Schon als Julius und Hanna Didrikson 1913 das erste Ölzeug für die Fischer in Grundsund anfertigten, war das erklärte Ziel die Kombination von Design und Funktion in perfekter Harmonie. Auch heute legt Didriksons Wert auf funktionale Bekleidung mit ausgereiften Details - egal, ob zum Jagen, Skifahren, Wandern oder nur für einen Spaziergang bei schlechtem Wetter. Es war kein Zufall, dass Julius und Hanna Didrikson den Grundstein für die Produktion von Ölzeug 1913 in Grundsund legten. Hier an der Westküste, wo Schweden auf den Atlantischen Ozean trifft, gab es stete Nachfrage.
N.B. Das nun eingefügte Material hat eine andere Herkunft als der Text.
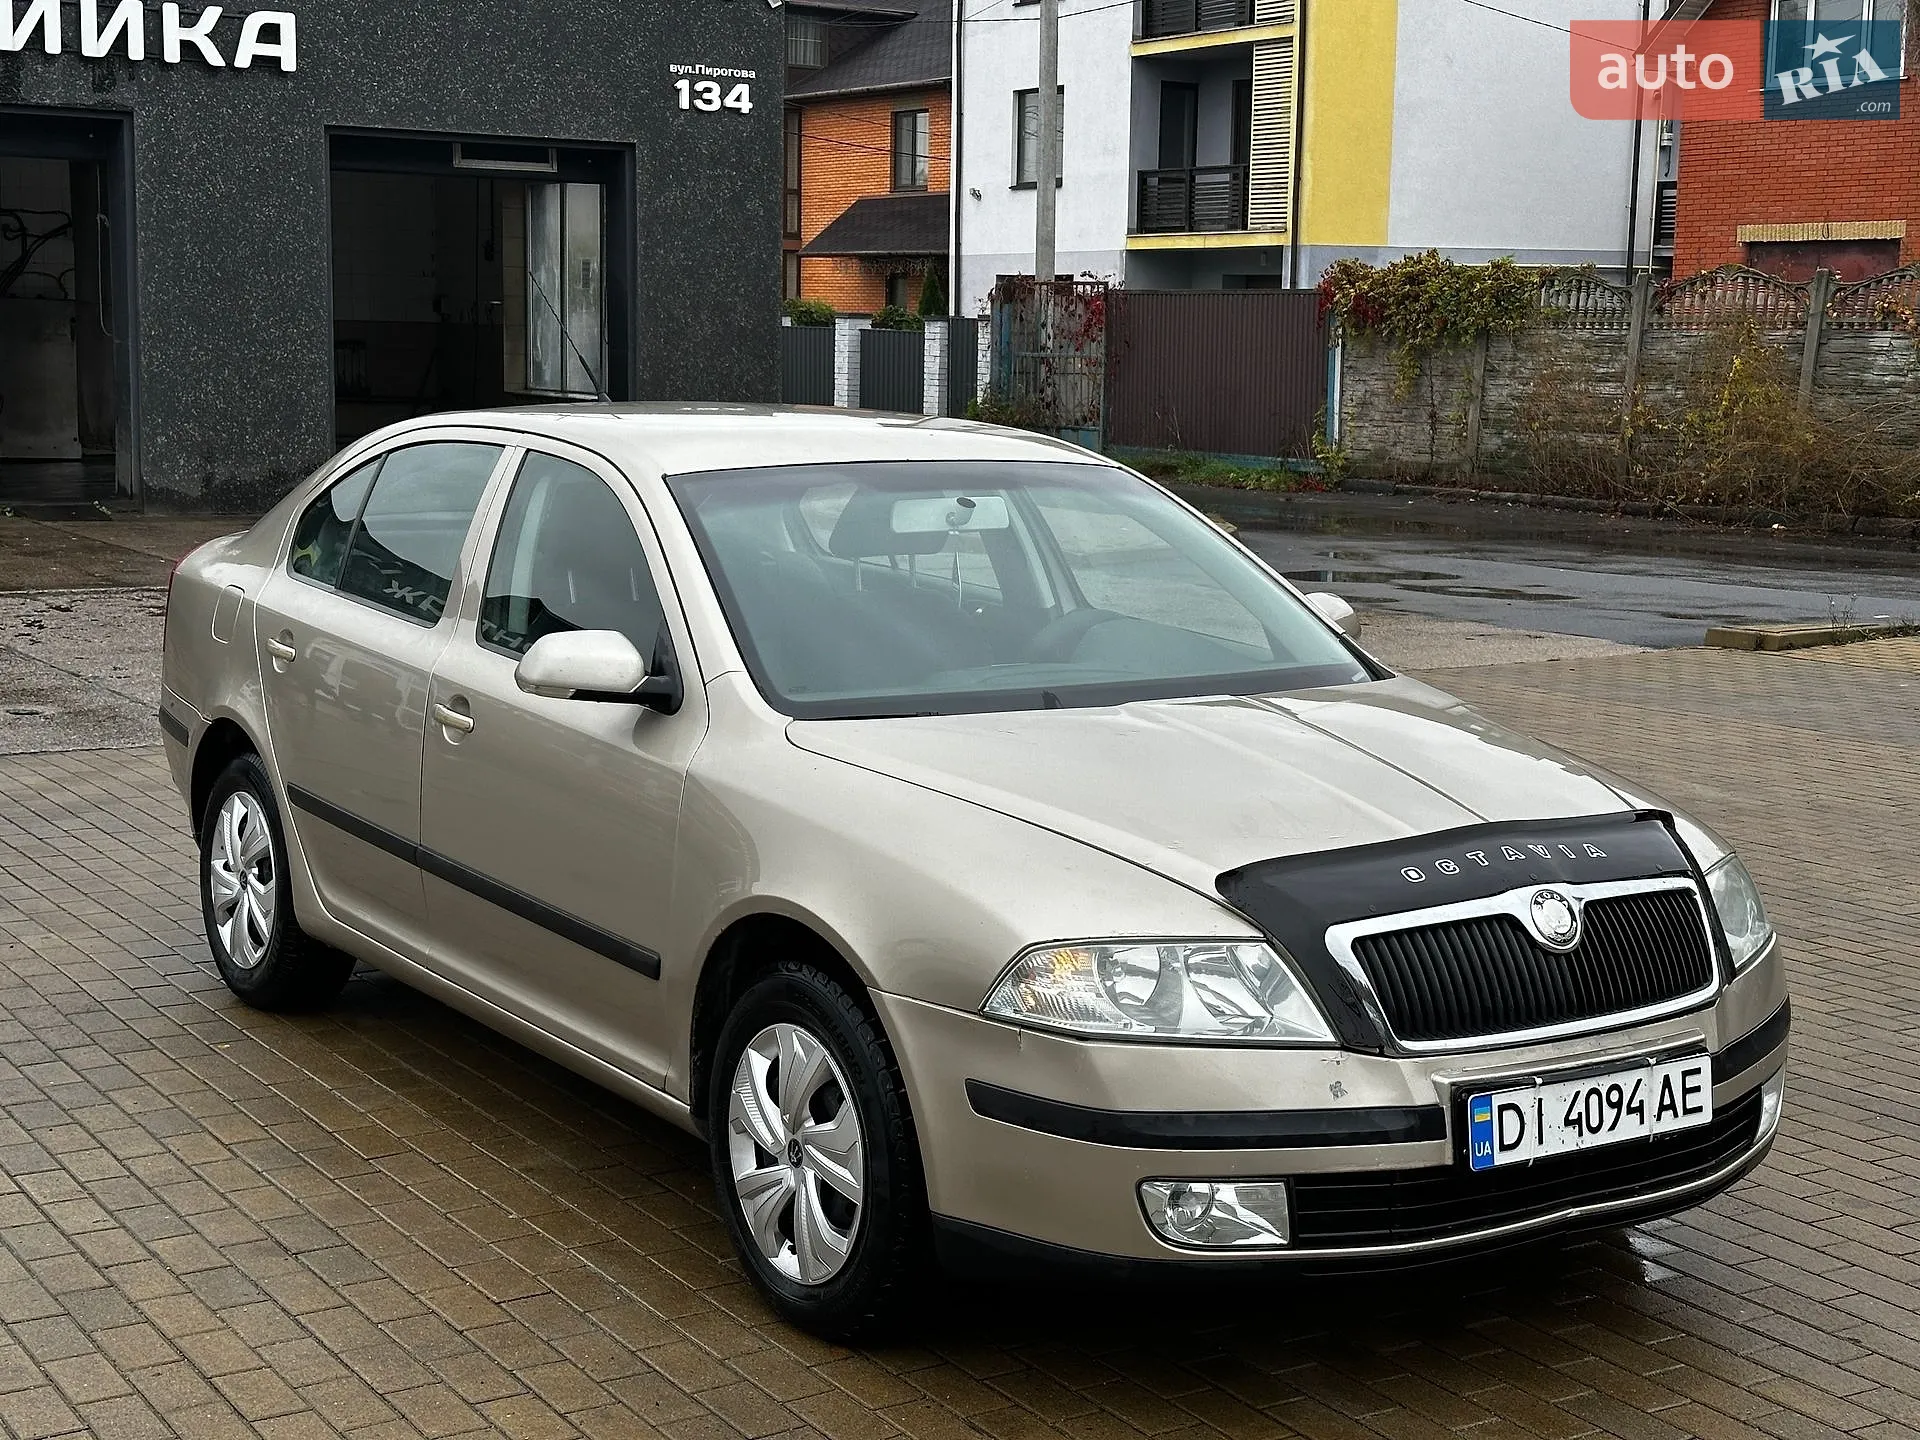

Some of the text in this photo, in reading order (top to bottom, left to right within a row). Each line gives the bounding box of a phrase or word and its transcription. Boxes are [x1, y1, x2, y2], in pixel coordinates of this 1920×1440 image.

[669, 63, 756, 79] вул.Пирогова
[674, 79, 753, 114] 134
[1400, 843, 1608, 883] OCTAVIA
[1497, 1066, 1704, 1153] DI 4094 AE
[1475, 1142, 1492, 1157] UA
Und hier finden wir auch heute noch die kleinen Erinnerungen an die damalige Zeit: man sieht die getränkten Steine und riecht das Leinsamenöl, das einst die Stoffe wasserfest machte.

Heute gibt es neue, bessere Produktionswege und Stoffe. Trotzdem ist man stolz auf die Entwicklung von 1913 bis zu heutigen Kollektion.

Über die Jahre haben wir viele Meilensteine passiert - z.B. der Wandel vom klassischen Ölzeug hin zu Gummi im Jahre 1930. Der grösste Durchbruch kam 1947 mit dem Verschweissen von Oberstoff und Gummischicht, womit nach aussen klassische Stoffe von innen wasserdicht gemacht wurden. Mit den ersten Polyurethanen 1981 wurden Regenbekleidung dann für die breite Masse erschwinglich. Kurze Zeit später wurden dann auch die wasserdichten und atmungsaktive Stoffe entwickelt, die die Funktionsbekleidung revolutionierten und heute fast ausschliesslich Verwendung finden.

Didriksons ist einer der Vorreiter in Sachen funktionaler Outdoormode. Unsere Kunden sind aktive Menschen - Wanderer, Golfer, Angler - die einen modischen und funktionalen Anspruch an ihre Bekleidung haben.